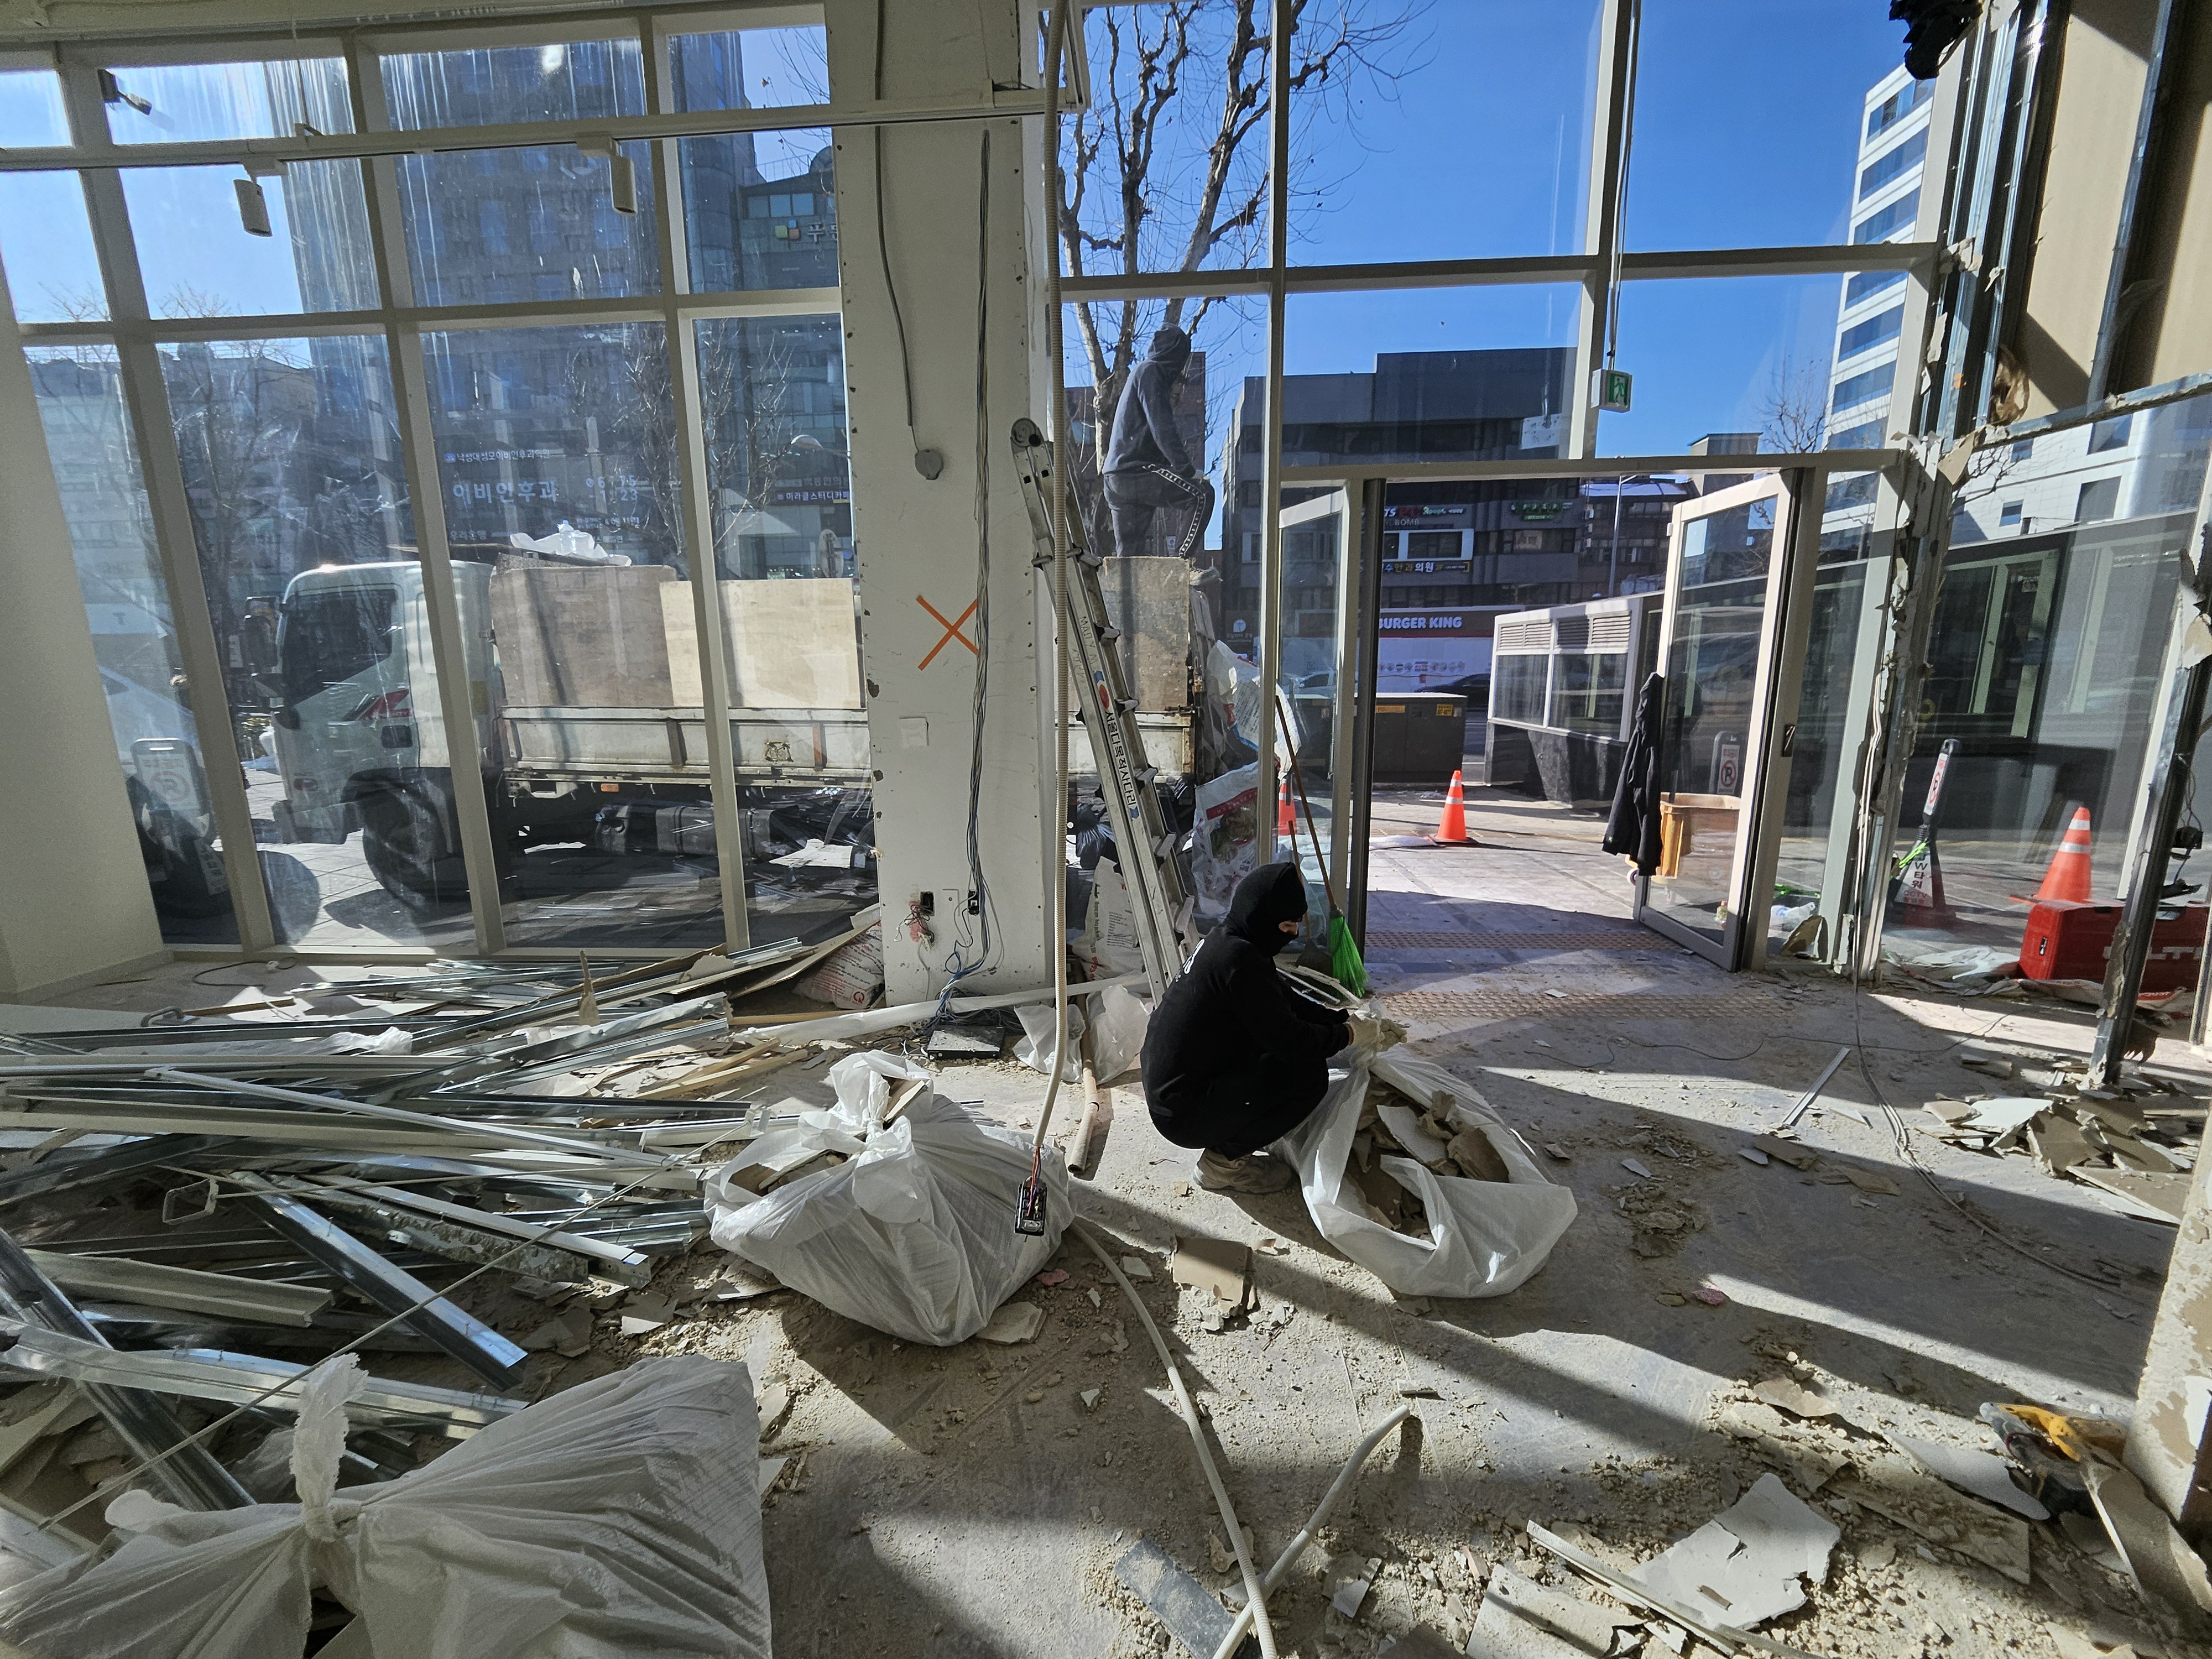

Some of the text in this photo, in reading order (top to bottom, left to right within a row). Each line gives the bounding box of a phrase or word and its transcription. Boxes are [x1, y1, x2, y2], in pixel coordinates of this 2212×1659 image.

[452, 478, 557, 505] 이비인후과
[1379, 616, 1463, 629] BURGER KING
[1105, 711, 1137, 806] 서울다목적사다리
[1904, 889, 1927, 898] CCTV

________________________________________

- _About this exercise_
Transcribe all the material exactly; skip every image.

- _Reply_
Some of the text in this photo, in reading order (top to bottom, left to right within a row). Each line gives the bounding box of a phrase or word and its transcription. Boxes are [x1, y1, x2, y2], in pixel coordinates of this 2212×1659 image.

[452, 478, 557, 505] 이비인후과
[1379, 616, 1463, 629] BURGER KING
[1105, 711, 1137, 806] 서울다목적사다리
[1904, 889, 1927, 898] CCTV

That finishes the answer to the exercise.